Miller Hull

Detail: photovoltaic roof of the Kendeda Building for Innovative Sustainable Design, Atlanta

1-15-2024 | News

By Collin Anderson

The Kendeda Building for Innovative Sustainable Design at the Georgia Institute of Technology is crowned with a lightweight canopy of over 900 photovoltaic panels. The roof generates all of the building’s electricity needs and captures rainwater for drinking and site irrigation. It extends far beyond the main building volume to cast shade on its facades and create an outdoor space large enough to accommodate classrooms and other social activities for the university campus. The canopy is so effective at reducing the building energy loads that the design team refers to the building as ‘shade-powered’.

Photovoltaics have been applied to buildings for nearly half a century, with the purpose of generating renewable energy and curtailing reliance on the grid. The performance and aesthetics of photovoltaic cells and panels have slowly improved over the decades to yield products that are more financially interesting and visually attractive. Today’s widespread acceptance of rating systems measuring the impact of buildings on their natural environments has, in many cases, made the implementation of photovoltaics an imperative to receiving certification. Institutional buildings funded by donations or endowments in particular have been at the forefront of such certification exercises.

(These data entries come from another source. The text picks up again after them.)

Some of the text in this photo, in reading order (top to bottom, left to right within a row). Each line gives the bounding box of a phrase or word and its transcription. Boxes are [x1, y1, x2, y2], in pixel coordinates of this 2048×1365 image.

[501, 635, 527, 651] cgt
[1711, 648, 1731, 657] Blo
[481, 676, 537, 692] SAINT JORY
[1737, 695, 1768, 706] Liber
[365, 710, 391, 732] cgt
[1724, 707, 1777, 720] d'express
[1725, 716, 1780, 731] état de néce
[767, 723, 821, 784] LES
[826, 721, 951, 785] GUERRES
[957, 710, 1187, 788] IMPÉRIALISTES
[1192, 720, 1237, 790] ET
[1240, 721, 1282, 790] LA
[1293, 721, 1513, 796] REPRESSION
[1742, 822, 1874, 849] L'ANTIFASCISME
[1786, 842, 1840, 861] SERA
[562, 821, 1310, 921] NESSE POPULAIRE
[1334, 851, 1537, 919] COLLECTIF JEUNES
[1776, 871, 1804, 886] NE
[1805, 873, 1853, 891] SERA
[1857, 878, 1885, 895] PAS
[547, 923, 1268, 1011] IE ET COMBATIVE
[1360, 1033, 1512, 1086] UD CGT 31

Even as the efficiency of photovoltaics has improved, the sheer surface area of ​​​​panels required to make them effective means that they are still typically a defining architectural element of the buildings they support. This is certainly the case for the Kendeda Building, located on a university campus just north of downtown Atlanta. Seattle-based The Miller Hull Partnership designed the building’s 18,000 square foot (1700 square meter) roof in collaboration with local firm Lord Aeck Sargent to absorb the unrelenting Georgia sunshine and transform it into enough electricity to power well over 100 percent of the building’s energy needs. The roof also doubles as a funnel for rainwater which empties into an underground cistern used to, among other things, irrigate the site’s green landscape designed by Andropogon Associates .

The 47,000 square foot (4,400 square meter) Kendeda Building has garnered certifications for LEED Platinum as well as the particularly demanding Living Building Challenge. It is the first building to receive such a rating in the Southeast United States, where a warm and humid climate poses particular challenges for renewable energy and passive design. The building program consists of two 64-person classrooms, four class laboratories, a conference room, offices, a makerspace and an auditorium.